Srek.. srek.. srekk.. “Dia sudah datang” ucap Pendeta Chu. Kamipun bersigap di belakang pendeta Chu membawa perlengkapan sesuai yang diperintahkan tadi. “Haaarrrmm.. harrrmm.. harrmm” suara arwah Tuan Wu bersiap ingin mencakar pendeta Chu, dengan sigap pendeta Chu langsung mengikat kedua tangannya dengan tali suci namun belum terjikat kuat, tangan arwah itu mampu melepaskannya. Ia semakin marah, meronta ingin membunuh pendeta Chu, tak putus asa pendeta Chu bertarung melawan arwah Tuan Wu. Pukulan demi pukulan diterima oleh arwah Tuan Wu, namun disaat pendeta Chu akan menusuknya dengan pedang suci arwah itu berhasil lari. Kamipun mengejar arwah itu secepat mungkin dengan membawa peralatan tadi. Arwah itu terbang melayang ke arah toko nyonya Jia Li. Dirusaknya pintu toko nyonya Jia Li, nyonya Li tersentak kaget kemudian keluar untuk mencari keselamatan.

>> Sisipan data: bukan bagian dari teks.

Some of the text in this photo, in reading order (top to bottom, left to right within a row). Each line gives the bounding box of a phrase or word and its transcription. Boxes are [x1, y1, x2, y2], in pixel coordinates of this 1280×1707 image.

“Kakak Chu” ucap nyonya Jia Li tersentak “Iya Li, ini aku” ucap pendeta Chu, belum sempat pendeta Chu menyuruh nyonya Jia Li berlindung di belakangnya arwah itu membuntuti nyonya Jia Li ingin mencengkeram namun terhalang oleh kekuatan dari gelang nyonya Jia Li. Gelang itu bersinar menyilaukan mata arwah tuan Wu.
“Woarrrramm.. woarrmmm” ucap arwah tuan Wu yang masih ingin mencengkeram kami namun masih tersilaukan oleh sinar gelang nyonya Jia Li. Tanpa banyak bicara pendeta Chu langsung menusuk arwah itu dengan pedang sucinya. “Woarrrmm.. woarrmmm” ucap arwah itu kesakitan kemudian ia meledak, tubuh halusnya telah hancur berkeping-keping.

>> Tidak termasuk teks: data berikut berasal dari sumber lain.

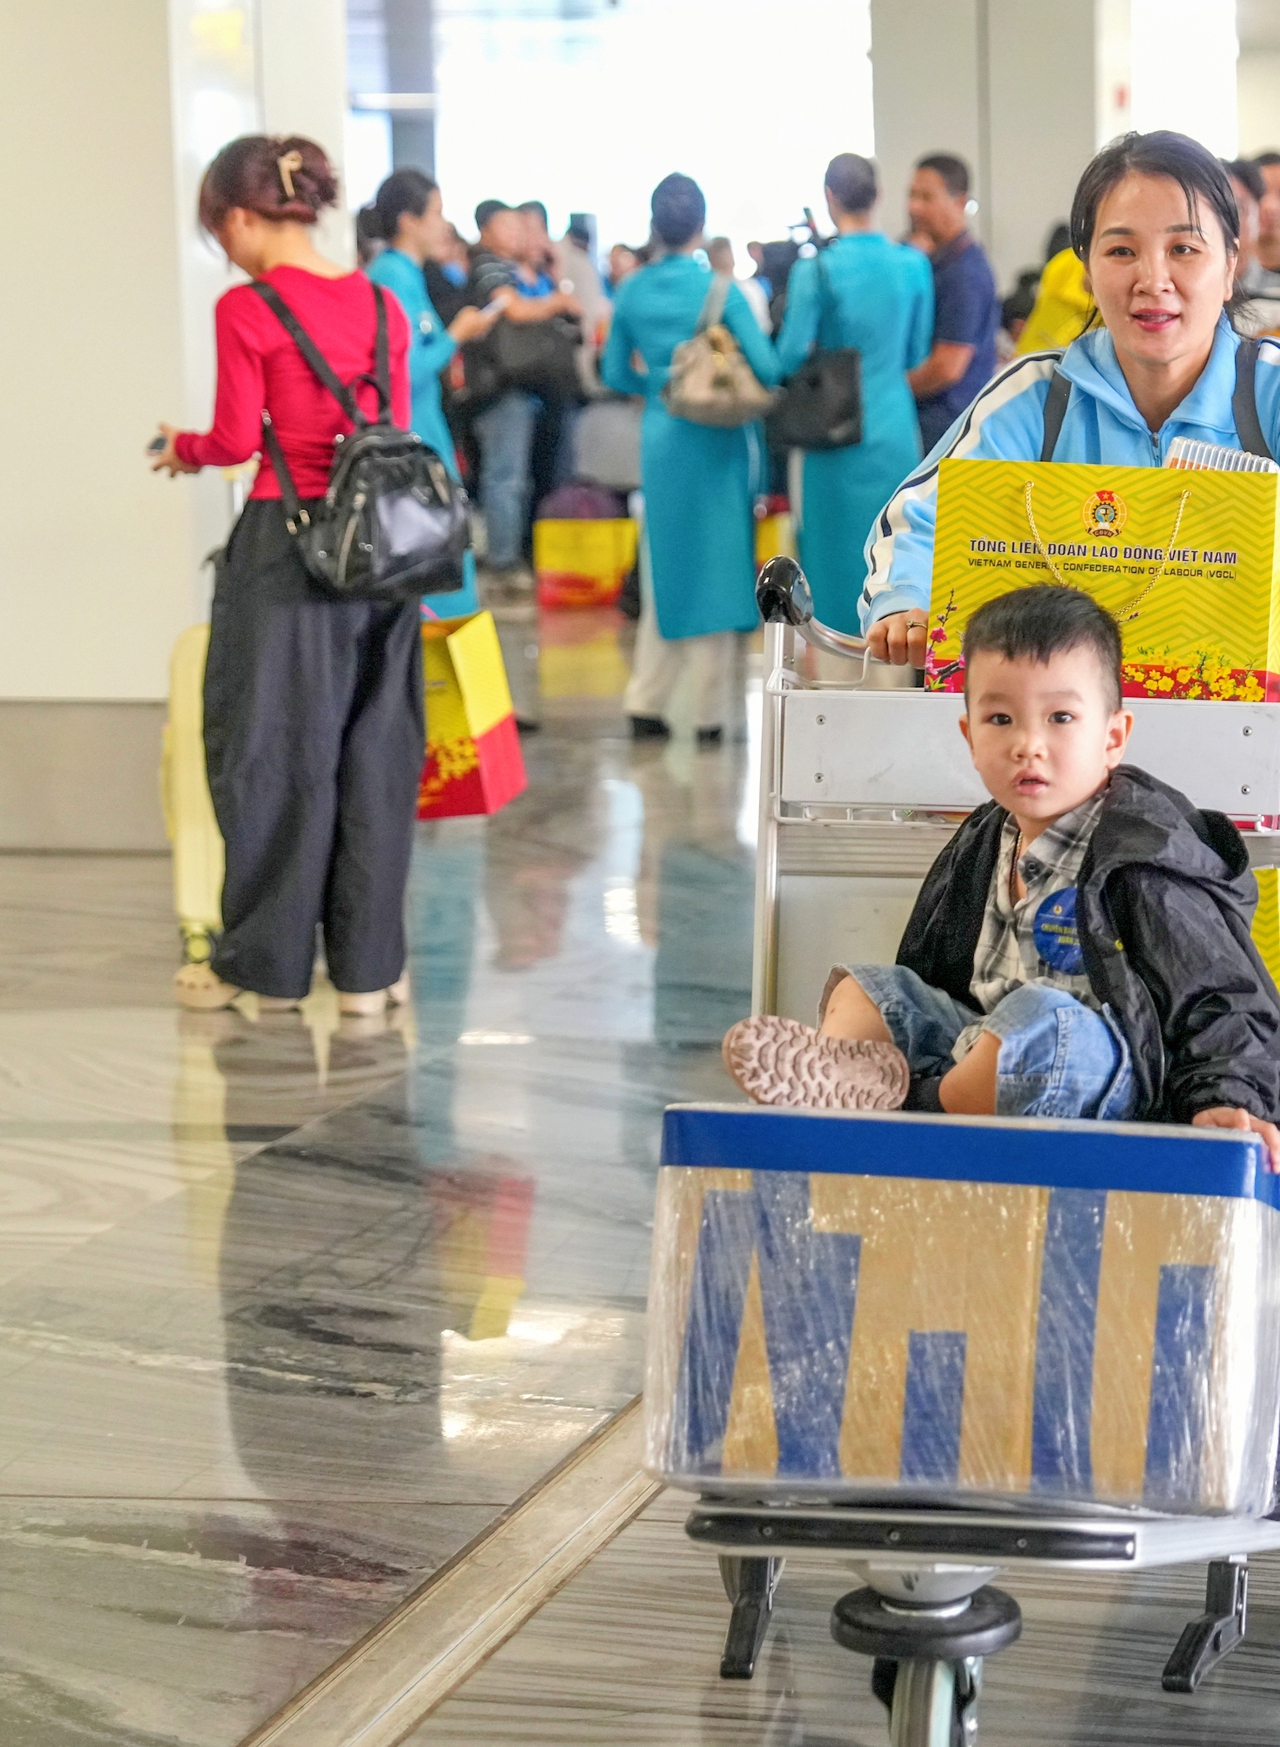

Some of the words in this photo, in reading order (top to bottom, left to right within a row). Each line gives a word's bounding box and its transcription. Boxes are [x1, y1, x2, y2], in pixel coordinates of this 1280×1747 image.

[1047, 541, 1087, 557] ĐOÀN
[1092, 545, 1118, 558] LAO
[1123, 545, 1163, 562] ĐỘNG
[1168, 547, 1198, 564] VIỆT
[1203, 551, 1237, 564] NAM
[968, 558, 1012, 568] VIETNAM
[1014, 560, 1060, 570] GENERL
[1063, 562, 1145, 575] CONFEDERATION
[1163, 567, 1203, 577] LABOUR
[1206, 569, 1237, 580] (VGCL)

“Syukurlah akhirnya kami selamat. Terimakasih kak Chu.. maksudku pendeta Chu” ucap nyonya Jia Li “Sama-sama. Oh iya boleh aku lihat gelangmu?” Tanya pendeta Chu sambil mengulurkan tangannya “Ini” ucap nyonya Jia Li sambil menyodorkan gelangnya dengan gemetar takut tapi malu. “Kau masih menyimpannya Li?” ucap pendeta Chu tersenyum namun nyonya Li hanya mengangguk takut.
“Dulu, guruku pernah berkata kalau hal yang terberat dari seorang pendeta adalah memiliki gelang suci karena gelang suci hanya dimiliki oleh seorang wanita yang mencintai pendeta tersebut dengan tulus. Jia Li, maukah kau memaafkanku?” ucap pendeta Chu “Sudahlah pendeta, yang lalu biarlah berlalu. Oh iya, bagaimana kabar istrimu? Anakmu pasti sekarang sudah banyak” ucap Nyonya Jia Li “Itulah karmaku Li, saat aku mengakhiri pernikahan kita dan memilih Annchi ternyata dia telah menikah 2 tahun sebelum kita. Waktu itu aku hampir saja mati dibunuh oleh suami Annchi. Maka dari itu hingga saat ini aku hidup sendiri” ucap pendeta Chu
“Emm.. boleh aku memintanya kembali?” ucap nyonya Jia Li “Maksudmu?” Tanya pendeta Chu malu-malu “Gelangku maksudku. Mana?” ucap nyonya Jia Li “Li, kalau aku memakaikan gelang ini di tanganmu maka kau harus menjadi istriku lagi. Apakah kau bersedia?” ucap pendeta chu “Pakaikan gelangnya kak” ucap Nyonya Jia Li dengan senyum merekah. Kemudian pendeta Chu memakaikan gelang itu di tangan nyonya Jia Li.
“Li, kita menikah malam ini yuk” ajak pendeta Chu “Ayo kak” ucap nyonya Jia Li
Malam itu juga upacara pernikahan nyonya Jia Li dengan Pendeta Chu digelar walau dengan sederhana namun, aku bisa melihat gurat-gurat kebahagiaan menghiasi wajah kedua mempelai. Dan ternyata baru aku tahu sekarang manfaat dari arwah si pelit itu. Diam-diam si pelit itu telah mempersatukan pendeta Chu dengan nyonya Jia Li lewat tingkah ganasnya.